[[ Information supplied, beginning ]]

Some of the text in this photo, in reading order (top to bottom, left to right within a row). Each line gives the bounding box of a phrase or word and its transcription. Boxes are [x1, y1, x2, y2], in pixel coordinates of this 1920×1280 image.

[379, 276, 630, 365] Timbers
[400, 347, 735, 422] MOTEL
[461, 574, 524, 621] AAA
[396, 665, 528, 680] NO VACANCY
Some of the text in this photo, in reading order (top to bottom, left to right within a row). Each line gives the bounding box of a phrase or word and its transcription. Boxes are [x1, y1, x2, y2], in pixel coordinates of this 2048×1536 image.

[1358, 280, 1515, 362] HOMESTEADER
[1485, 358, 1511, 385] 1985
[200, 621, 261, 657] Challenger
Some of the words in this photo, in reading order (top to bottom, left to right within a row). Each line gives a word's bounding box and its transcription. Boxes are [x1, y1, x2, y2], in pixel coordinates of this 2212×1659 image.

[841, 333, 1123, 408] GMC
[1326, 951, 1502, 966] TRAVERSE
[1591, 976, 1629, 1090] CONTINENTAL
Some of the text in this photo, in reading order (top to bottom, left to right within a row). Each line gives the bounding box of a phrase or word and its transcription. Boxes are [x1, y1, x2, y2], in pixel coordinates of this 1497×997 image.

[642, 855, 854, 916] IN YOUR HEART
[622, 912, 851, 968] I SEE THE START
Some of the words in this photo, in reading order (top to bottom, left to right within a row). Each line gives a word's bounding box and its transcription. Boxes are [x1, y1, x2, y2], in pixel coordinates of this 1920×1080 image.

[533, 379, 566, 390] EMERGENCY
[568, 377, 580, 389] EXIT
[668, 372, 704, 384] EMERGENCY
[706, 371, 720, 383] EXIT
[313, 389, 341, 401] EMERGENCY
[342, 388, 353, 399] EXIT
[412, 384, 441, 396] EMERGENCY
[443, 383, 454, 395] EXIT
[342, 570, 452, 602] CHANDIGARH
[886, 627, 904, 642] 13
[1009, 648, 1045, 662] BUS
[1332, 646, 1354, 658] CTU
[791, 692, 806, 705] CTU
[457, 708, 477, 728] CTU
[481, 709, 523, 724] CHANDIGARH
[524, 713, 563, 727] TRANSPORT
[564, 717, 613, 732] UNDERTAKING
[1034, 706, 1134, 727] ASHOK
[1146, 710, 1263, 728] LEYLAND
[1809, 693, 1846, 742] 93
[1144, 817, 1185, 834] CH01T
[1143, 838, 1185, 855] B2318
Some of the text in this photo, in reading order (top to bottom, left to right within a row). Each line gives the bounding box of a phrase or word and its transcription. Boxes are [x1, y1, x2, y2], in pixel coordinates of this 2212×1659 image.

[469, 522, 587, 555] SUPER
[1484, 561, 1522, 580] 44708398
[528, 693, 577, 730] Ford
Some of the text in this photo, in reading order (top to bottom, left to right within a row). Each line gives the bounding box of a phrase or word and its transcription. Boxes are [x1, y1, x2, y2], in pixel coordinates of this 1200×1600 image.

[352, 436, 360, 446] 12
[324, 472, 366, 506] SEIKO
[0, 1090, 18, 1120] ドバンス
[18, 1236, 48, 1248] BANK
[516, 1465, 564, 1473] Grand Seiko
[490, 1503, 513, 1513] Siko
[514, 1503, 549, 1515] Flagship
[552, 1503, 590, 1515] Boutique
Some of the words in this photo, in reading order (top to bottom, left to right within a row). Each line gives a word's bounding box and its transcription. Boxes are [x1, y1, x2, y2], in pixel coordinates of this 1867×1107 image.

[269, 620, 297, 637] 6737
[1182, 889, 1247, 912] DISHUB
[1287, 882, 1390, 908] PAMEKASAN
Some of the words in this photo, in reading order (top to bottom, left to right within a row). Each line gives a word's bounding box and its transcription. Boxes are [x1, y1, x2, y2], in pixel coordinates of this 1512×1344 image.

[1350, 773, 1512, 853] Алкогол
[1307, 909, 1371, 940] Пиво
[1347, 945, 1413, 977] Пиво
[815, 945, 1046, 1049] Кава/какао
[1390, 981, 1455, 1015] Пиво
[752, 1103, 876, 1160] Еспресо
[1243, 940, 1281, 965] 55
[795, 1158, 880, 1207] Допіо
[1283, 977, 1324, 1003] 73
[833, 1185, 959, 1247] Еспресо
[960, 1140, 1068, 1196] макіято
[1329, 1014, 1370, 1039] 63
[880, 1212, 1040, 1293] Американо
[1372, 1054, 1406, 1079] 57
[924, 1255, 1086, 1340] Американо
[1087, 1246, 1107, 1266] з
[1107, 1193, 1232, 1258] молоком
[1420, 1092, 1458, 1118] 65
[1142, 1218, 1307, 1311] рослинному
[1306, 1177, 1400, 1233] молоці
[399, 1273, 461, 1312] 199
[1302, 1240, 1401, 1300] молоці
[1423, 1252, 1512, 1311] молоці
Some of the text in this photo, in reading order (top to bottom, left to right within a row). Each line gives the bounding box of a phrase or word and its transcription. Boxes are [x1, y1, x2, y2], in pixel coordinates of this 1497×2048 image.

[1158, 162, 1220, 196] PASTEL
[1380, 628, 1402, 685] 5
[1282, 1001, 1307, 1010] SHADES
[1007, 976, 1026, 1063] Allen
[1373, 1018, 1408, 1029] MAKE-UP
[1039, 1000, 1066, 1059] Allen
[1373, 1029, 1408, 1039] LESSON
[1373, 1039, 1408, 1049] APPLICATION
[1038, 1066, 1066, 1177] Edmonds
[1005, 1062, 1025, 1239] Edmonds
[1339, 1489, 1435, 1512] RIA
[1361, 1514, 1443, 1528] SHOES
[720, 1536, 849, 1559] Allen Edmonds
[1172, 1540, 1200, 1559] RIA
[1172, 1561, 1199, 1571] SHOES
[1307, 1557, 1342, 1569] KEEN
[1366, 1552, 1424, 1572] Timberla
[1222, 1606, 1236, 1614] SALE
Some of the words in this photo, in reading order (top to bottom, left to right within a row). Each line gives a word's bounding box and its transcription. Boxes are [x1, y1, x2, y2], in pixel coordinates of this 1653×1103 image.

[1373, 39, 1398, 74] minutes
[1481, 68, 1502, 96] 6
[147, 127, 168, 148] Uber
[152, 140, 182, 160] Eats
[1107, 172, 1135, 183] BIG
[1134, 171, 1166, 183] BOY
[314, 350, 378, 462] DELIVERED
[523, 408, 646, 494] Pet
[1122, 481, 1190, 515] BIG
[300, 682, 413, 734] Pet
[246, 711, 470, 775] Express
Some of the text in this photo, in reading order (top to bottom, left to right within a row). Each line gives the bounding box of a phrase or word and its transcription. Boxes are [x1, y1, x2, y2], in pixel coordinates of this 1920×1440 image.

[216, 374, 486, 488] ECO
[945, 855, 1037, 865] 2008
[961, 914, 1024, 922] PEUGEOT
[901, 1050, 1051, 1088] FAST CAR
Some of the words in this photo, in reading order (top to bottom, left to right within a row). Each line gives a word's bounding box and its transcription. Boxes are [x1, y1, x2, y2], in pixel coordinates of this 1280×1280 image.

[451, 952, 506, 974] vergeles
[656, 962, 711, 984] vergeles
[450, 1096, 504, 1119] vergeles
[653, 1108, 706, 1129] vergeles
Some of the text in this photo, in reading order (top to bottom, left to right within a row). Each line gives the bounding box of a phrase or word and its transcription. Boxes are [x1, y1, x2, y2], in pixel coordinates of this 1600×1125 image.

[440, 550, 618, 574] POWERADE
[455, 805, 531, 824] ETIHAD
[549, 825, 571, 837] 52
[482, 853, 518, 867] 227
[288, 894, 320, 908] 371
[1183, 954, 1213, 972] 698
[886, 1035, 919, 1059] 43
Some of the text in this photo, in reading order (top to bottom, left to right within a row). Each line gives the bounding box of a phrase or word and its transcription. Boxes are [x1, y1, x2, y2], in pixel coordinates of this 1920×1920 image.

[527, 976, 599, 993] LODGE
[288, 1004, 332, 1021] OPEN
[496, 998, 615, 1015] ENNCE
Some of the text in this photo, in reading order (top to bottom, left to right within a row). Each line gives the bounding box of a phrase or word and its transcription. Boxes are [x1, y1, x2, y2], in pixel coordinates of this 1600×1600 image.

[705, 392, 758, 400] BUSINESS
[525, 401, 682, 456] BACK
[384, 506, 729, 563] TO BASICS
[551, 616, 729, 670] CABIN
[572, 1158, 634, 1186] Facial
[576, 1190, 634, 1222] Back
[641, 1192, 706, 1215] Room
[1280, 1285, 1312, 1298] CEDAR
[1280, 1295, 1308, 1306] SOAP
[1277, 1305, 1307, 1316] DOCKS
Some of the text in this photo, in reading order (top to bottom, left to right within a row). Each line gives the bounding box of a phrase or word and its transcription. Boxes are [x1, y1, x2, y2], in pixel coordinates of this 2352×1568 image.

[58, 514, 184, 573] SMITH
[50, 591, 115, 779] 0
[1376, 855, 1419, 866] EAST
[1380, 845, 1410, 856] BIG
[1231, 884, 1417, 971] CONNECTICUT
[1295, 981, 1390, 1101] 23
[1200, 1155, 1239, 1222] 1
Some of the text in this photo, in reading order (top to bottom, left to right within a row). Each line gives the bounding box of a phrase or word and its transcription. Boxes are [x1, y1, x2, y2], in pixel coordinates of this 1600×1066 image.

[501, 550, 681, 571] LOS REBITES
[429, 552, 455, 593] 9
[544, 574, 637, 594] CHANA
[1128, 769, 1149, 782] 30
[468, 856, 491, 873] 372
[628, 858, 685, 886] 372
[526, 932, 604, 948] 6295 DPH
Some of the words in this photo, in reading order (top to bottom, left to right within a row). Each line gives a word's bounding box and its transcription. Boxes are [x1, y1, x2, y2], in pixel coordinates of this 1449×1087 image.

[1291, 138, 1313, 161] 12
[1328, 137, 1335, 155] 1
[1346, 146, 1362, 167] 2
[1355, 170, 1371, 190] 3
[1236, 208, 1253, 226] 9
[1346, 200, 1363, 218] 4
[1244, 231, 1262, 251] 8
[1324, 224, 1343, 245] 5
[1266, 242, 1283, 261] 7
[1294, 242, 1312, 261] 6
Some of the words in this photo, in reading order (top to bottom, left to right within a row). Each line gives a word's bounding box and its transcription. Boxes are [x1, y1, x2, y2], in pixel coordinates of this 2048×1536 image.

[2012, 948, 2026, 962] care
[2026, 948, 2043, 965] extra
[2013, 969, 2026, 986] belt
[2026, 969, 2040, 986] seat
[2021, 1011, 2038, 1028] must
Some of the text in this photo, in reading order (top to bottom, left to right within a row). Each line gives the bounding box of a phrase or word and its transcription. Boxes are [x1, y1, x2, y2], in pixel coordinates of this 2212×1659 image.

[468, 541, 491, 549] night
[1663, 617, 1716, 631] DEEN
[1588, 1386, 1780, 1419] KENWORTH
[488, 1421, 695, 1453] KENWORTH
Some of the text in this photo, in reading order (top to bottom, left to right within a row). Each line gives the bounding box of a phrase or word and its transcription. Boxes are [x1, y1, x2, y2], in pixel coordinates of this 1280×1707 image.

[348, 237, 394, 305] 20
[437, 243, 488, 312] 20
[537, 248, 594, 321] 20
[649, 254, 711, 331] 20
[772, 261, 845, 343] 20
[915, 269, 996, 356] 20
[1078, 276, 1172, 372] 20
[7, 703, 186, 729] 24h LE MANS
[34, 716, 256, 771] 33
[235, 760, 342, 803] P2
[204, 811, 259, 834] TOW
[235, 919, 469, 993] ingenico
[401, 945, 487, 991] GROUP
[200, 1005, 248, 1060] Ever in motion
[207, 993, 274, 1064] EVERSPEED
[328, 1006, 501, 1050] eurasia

[[ Information supplied, end ]]

> **Work required**
Beginning with the line that holds "this 1280×1707 image.", please return every line through the end of the data, exactly as written.

> **Answer section**
Some of the text in this photo, in reading order (top to bottom, left to right within a row). Each line gives the bounding box of a phrase or word and its transcription. Boxes are [x1, y1, x2, y2], in pixel coordinates of this 1280×1707 image.

[348, 237, 394, 305] 20
[437, 243, 488, 312] 20
[537, 248, 594, 321] 20
[649, 254, 711, 331] 20
[772, 261, 845, 343] 20
[915, 269, 996, 356] 20
[1078, 276, 1172, 372] 20
[7, 703, 186, 729] 24h LE MANS
[34, 716, 256, 771] 33
[235, 760, 342, 803] P2
[204, 811, 259, 834] TOW
[235, 919, 469, 993] ingenico
[401, 945, 487, 991] GROUP
[200, 1005, 248, 1060] Ever in motion
[207, 993, 274, 1064] EVERSPEED
[328, 1006, 501, 1050] eurasia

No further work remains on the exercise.